A atriz conta ter sonhado, certa noite, que uma pessoa anunciava a necessidade de propor um outro tipo de lógica ao espetáculo, rejeitando a linguagem de um emaranhado. “Não existe nexo, lógica causal ou linear. os laços entre os assuntos se dá numa livre associação, como na psicanálise”, diz Band.

É a primeira vez que “Nica” é encenada presencialmente. Em 2021, a artista protagonizou sessões online da obra, subvertendo a própria arte da performance, que prevê a presença. “Eu explorava, naquela época, as possibilidades cênicas da câmera, como a aproximação e o distanciamento. Era uma tentativa de entender a técnica por trás da transmissão ao vivo”, ela conta.

O título “Nica” é uma homenagem ao nome da mãe da atriz. Afinal, a primeira cena, sobre o cateterismo, remonta a um exame feito por Nica ainda em 2016. Desde então, o problema cardiológico de Nica fez com que a atriz pensasse o coração, em um sentido abrangente, de sua função vital à representação do amor.

Diante do aparecimento de tantos temas em suas anotações, Band pensou que cada um dos assuntos engendraria um determinado espetáculo. A ideia da livre associação, método utilizado por Sigmund Freud na psicanálise para curar seus pacientes pela fala, e o desejo de criar um solo que misturasse biografia à ficção, conseguiu unir os fragmentos em uma única performance.

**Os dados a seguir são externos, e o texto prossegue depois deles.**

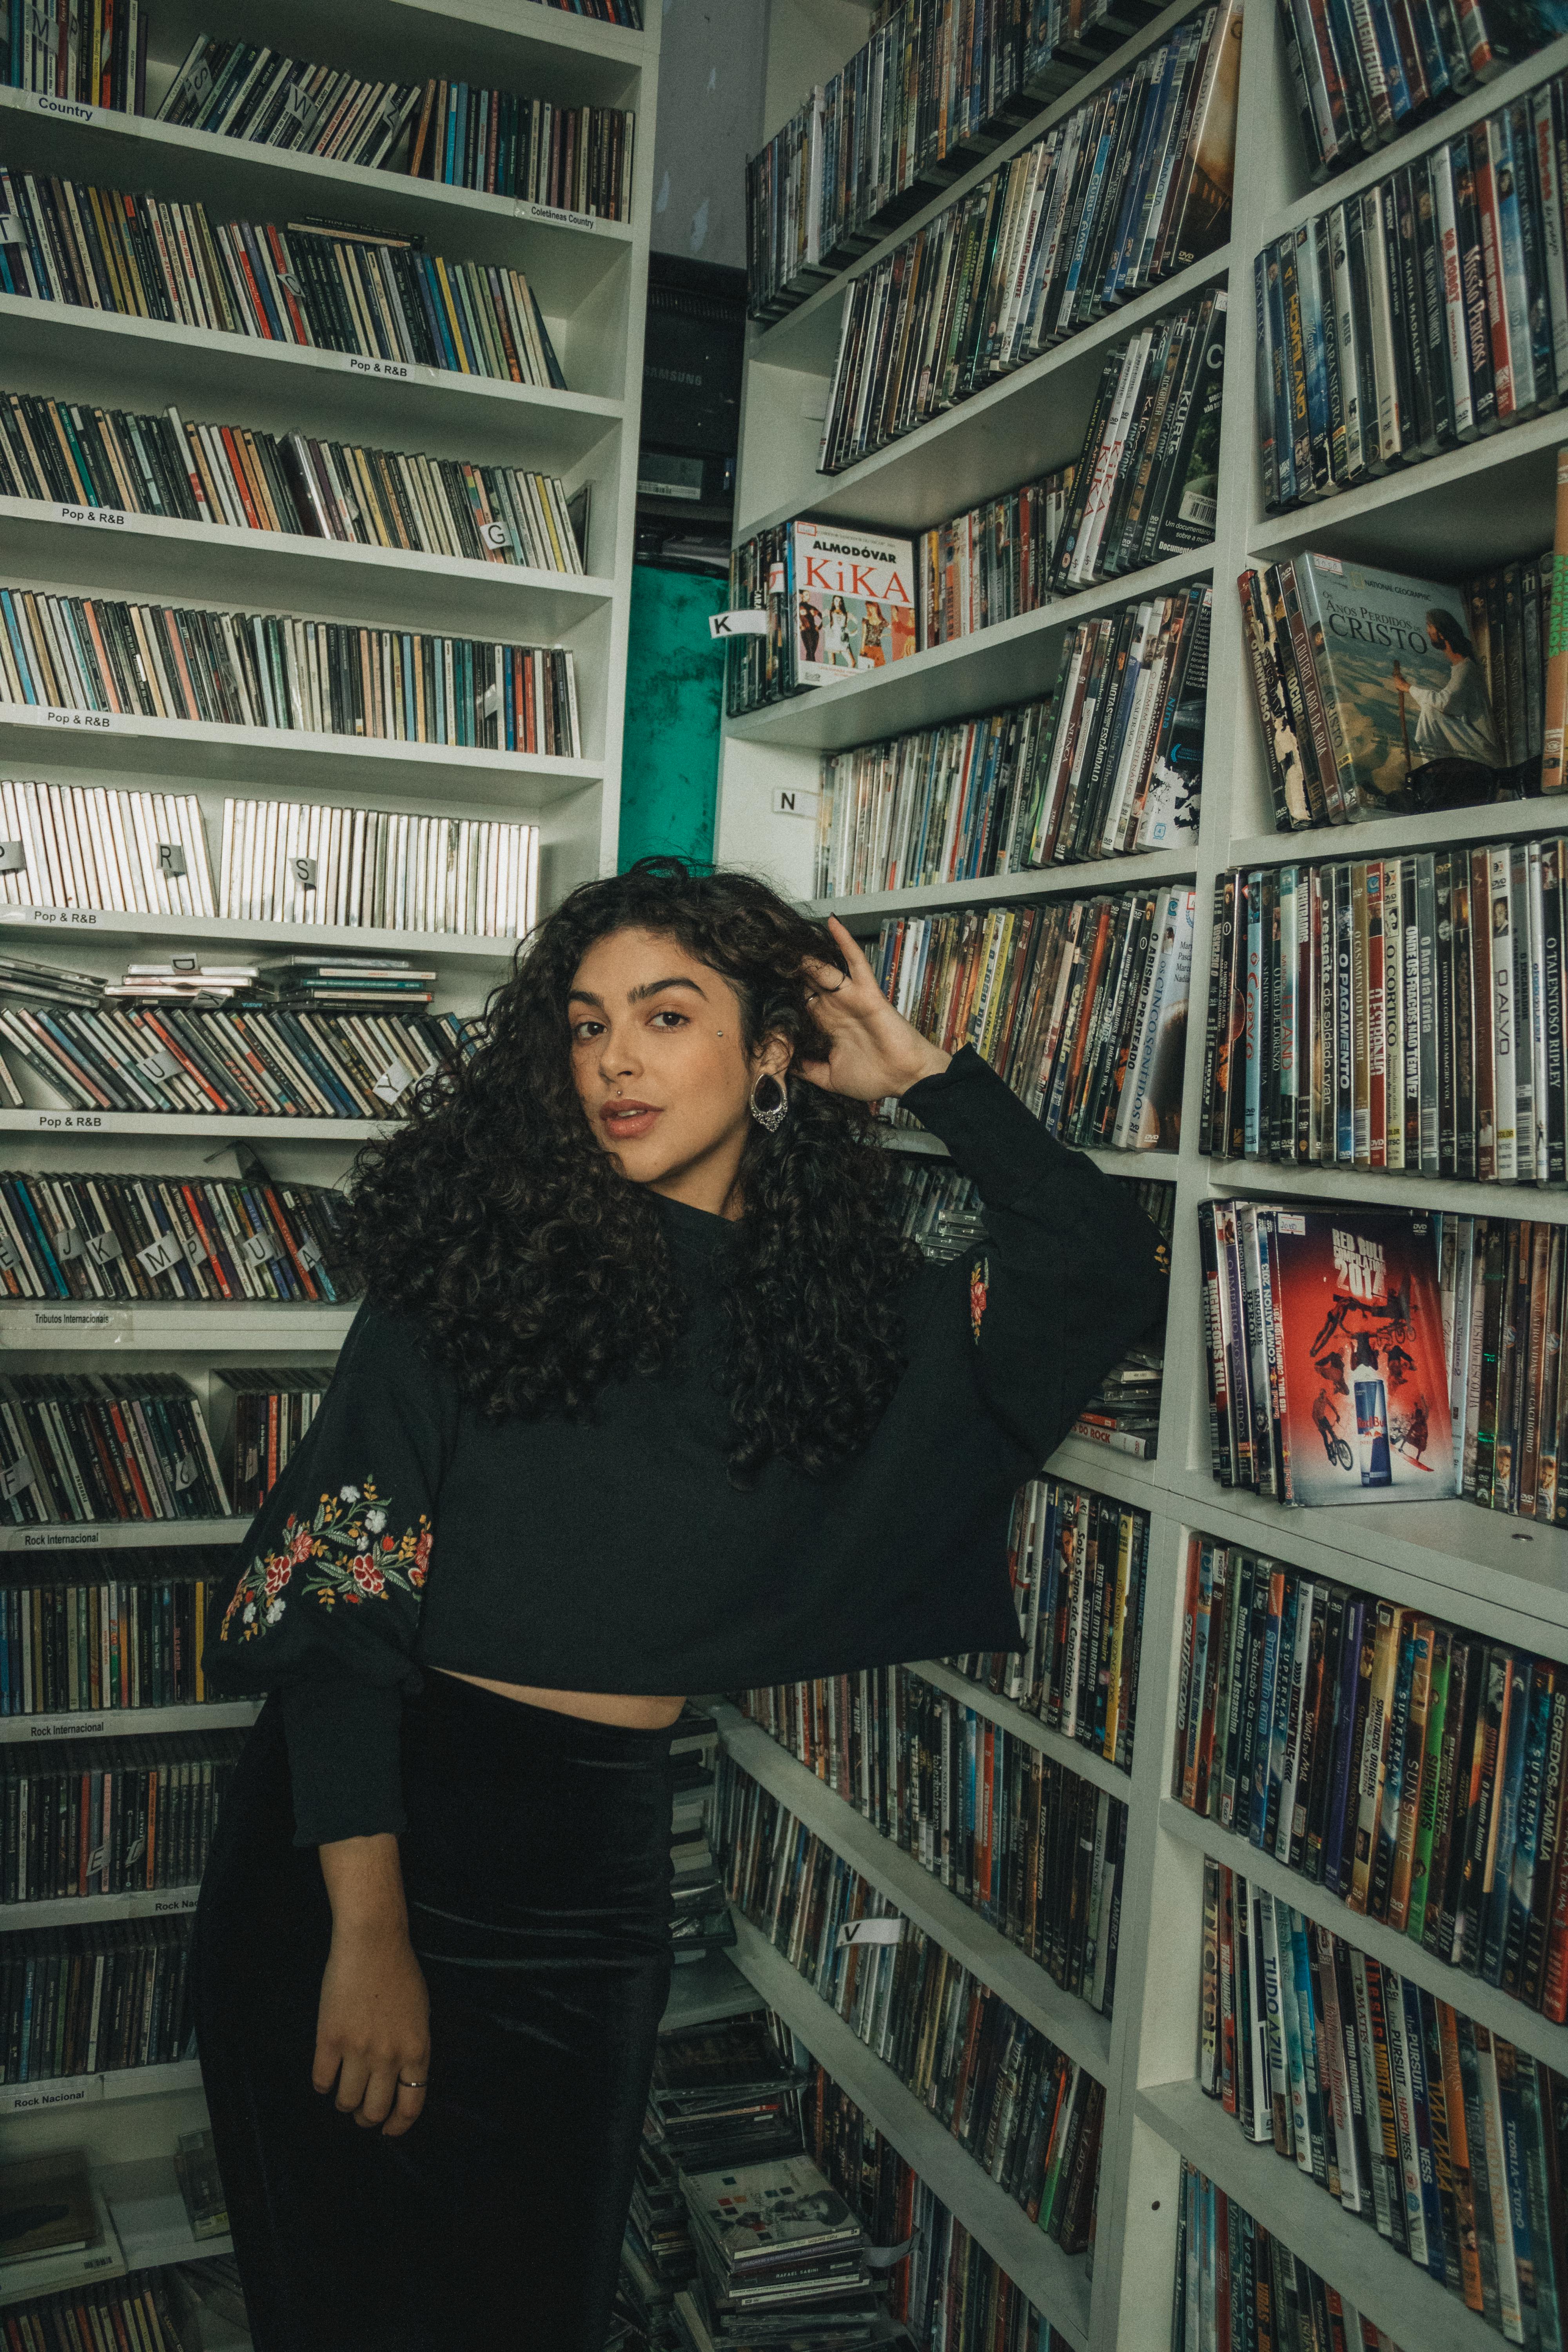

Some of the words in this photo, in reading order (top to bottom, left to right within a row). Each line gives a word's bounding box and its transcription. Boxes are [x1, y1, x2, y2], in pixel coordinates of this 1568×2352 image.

Sob o aspecto visual, o espetáculo trabalha com projeções de slides, que aparecem atrás da artista. Ao mesmo tempo, há uma pessoa filmando em tempo real o mapa, disposto no chão do palco. As imagens também são projetadas e mostram detalhes da cartografia, antes imperceptíveis à visão do espectador na plateia.

A escolha pelo mapa simboliza o desejo de ordenação do fluxo de pensamento que ali se encena, o que é sempre uma impossibilidade. Em outra instância, instiga o desejo pelas correspondências lógicas. Afinal, todo o mapa respeita uma escala proporcional, entre representação e realidade. “É uma tentativa de explicar o que não obedece a lei da causalidade, por isso essa explicação sempre nos escapa”, diz a atriz.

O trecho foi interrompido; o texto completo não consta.